What I have learned about the ‘male’/’female’ binary

Posted: February 12, 2009 in Uncategorized

I journeyed through a series of genders recently. Now I am catching my breath. I identify as a gender-variant queer. That does not box me in, but expresses that I am actively playing with the prohibitions and technologies that create the male/female binary. It also says that I am part of the queer movement. The label genderqueer has its own momentum which I do not necessarily want to adopt. I follow Butler in thinking that biological sex is constituted through techno-social discourse, so I am not identifying in terms of a male/female dichotomy, not even as two ends of a masculine/feminine spectrum. I am shifting away from the locus of identity, mandatory behavior and mandatory technology (clothing!) that is labeled as (straight) ‘male’ in our culture. In my initial shifts I was still working within the male/female binary and I attempted to copy and appropriate identity, behavior and technology that I considered feminine/girly/female. I did this in a few ways:

1) Identity – identifying myself with statements such as ‘I am a girl’ or ‘I am transgendered’, and figuring out what these new labels meant for interaction with other social actors.

2) The Technology of Fashion – by learning the skills of clothes shopping and makeup application and by acquiring a wardrobe of clothing which is proscribed for the male sex, by exploring the subtleties of dressing and perceived gender.

3) Queer Outfits – Learning the subtleties of mixing different items, colors and textures into ‘socially projected identity’, and exploring how others labeled and interacted with those social identities. I learned to embrace my desire to be attractive. In hegemonic American masculinity being desirable is considered effeminate and heavily policed.
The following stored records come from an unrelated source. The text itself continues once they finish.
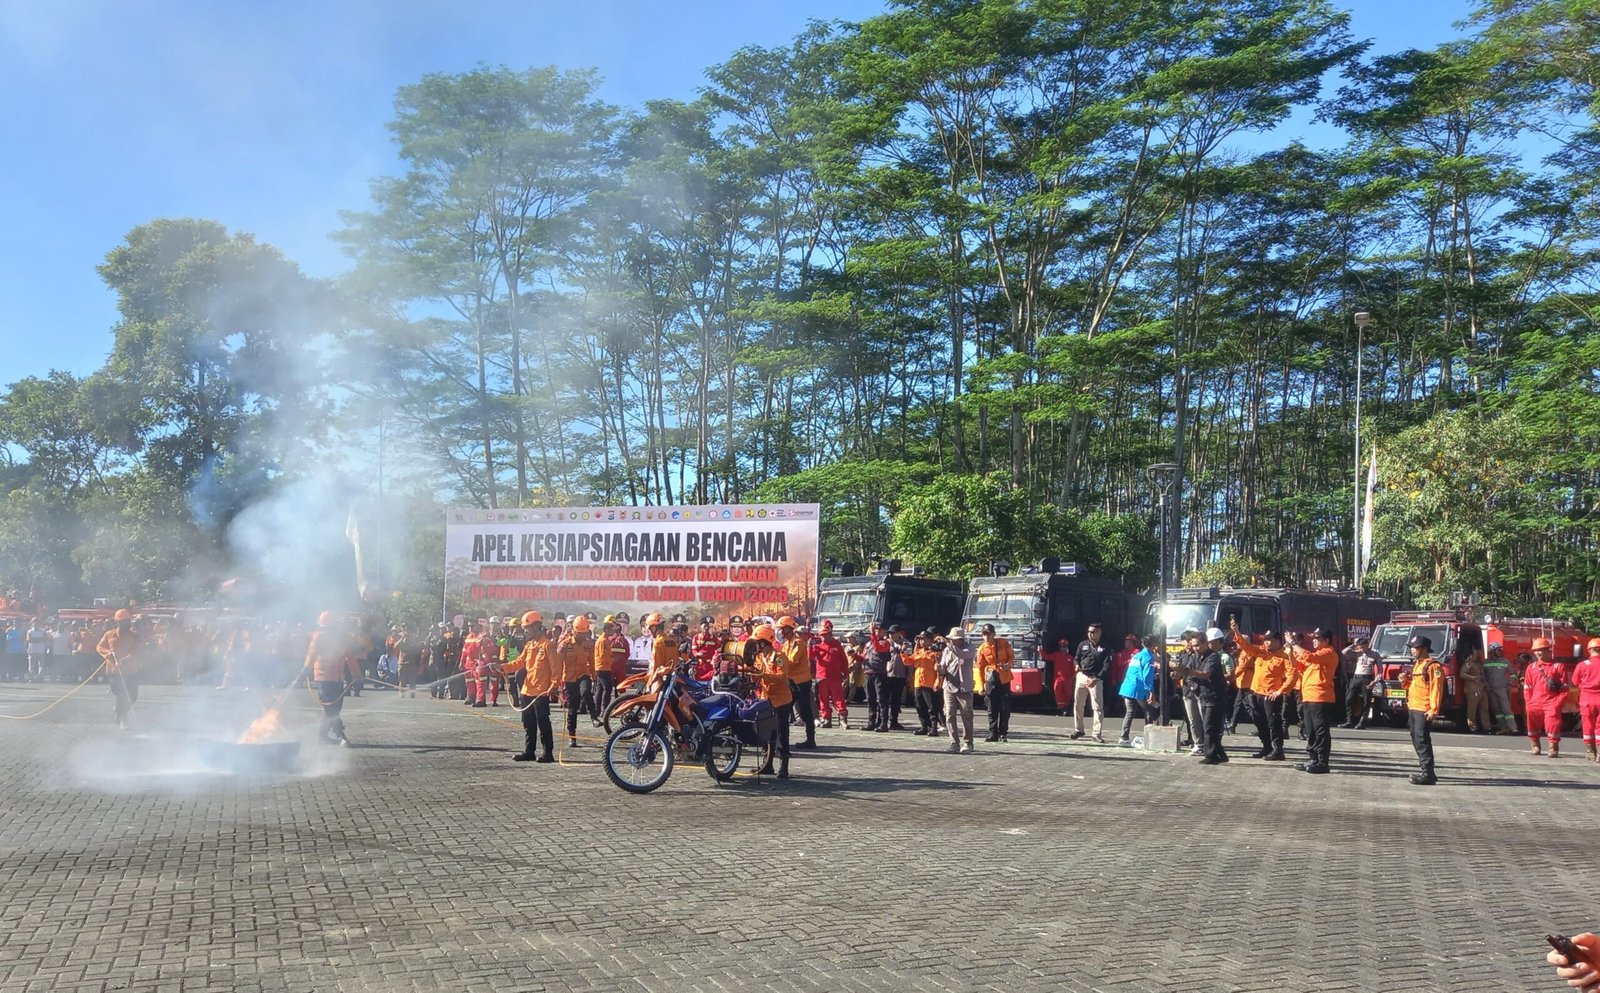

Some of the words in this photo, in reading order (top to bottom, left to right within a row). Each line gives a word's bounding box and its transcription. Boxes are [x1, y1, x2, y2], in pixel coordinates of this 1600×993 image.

[472, 534, 515, 561] APEL
[520, 532, 680, 562] KESIAPSIAGAAN
[686, 531, 787, 562] BENCANA
[480, 565, 563, 580] MENGHADAPI
[566, 565, 645, 581] KEBAKARAN
[649, 566, 695, 581] HUTAN
[698, 566, 727, 581] DAN
[730, 566, 778, 581] LAHAN
[487, 585, 547, 600] PROVINSI
[551, 586, 634, 601] KALIMANTAN
[637, 586, 695, 601] SELATAN
[698, 587, 745, 601] TAHUN
[750, 587, 788, 602] 2026
[1347, 625, 1371, 634] LAWAN
4) Queer Enculturation – I passed through the looking glass into queer space. I mapped out the city and its subcultures on the basis of tolerance for gender variance. I also avoided spaces which are structured by ‘hegemonic masculinity’ so I mostly spent time enculturating into girl social spaces. In the end I found out that although queer theory is trying to move beyond sexual essentialism, gay and lesbian identities are by definition invested in the ‘male’/’female’ binary.

5) Girl Enculturation – I recruited other actors by asking them to treat me as ‘girl’ and by attempting to unlearn male behaviors. This had mixed success because to many actors I was just a ‘male’ in drag, but at times I got a taste of the social space that women create with one another and this had a profound effect on me. It felt like women who accepted my gender claims of ‘girl-ness’ gave me the benefit of the doubt and had trust in my intentions. I have come to believe that the ‘heterosexual matrix’ and gender hierarchy severely curtail meaningful ‘male’/’female’ interaction as well as ‘male’/’male’ interaction.
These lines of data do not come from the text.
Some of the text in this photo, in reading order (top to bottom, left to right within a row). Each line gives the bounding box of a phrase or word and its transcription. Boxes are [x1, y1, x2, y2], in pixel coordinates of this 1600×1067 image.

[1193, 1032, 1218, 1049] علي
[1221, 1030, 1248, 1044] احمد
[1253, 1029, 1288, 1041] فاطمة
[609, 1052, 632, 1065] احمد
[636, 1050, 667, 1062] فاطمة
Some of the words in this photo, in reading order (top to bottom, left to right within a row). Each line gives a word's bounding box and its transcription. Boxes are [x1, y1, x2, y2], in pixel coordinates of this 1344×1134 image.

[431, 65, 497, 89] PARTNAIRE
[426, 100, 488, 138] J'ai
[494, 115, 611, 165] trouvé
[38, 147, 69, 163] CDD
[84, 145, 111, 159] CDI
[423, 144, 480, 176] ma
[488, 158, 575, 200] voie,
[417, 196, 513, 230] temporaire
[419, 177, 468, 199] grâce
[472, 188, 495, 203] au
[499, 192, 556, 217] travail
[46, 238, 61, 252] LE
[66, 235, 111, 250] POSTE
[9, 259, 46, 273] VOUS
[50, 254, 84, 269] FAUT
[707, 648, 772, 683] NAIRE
6) Lesbian sex – I was fortunate to meet A. She is an ex-dyke and is exploring a straight identity. Together, we discovered a way of ‘doing’ sex which looks like lesbian sex, but with a penis involved. I learned to relate to my own body as a ‘non-male’ body. We discovered that my erogenous body had been severely limited by internalization of ‘male’ identity. If A. treated my ‘male’ body as a ‘female’ body it ceased to be either a ‘male’ body or a ‘female’ body. I feel like the erogenaity of the heterosexual ‘male’ body is repressed. The ‘male’ learns to disassociate from his sensuality and displace it into ejaculation.

I follow lesbian feminists in the the idea that lesbian sex is radically different than hetero sex, but I think that the social practices called lesbian sex are not necessarily tied to clits or specifically ‘female’ sexed erogenous zones. I think that lesbian sex is just free of the emotional and sensual castration which forms the basis of modern (American) ‘male’ identity.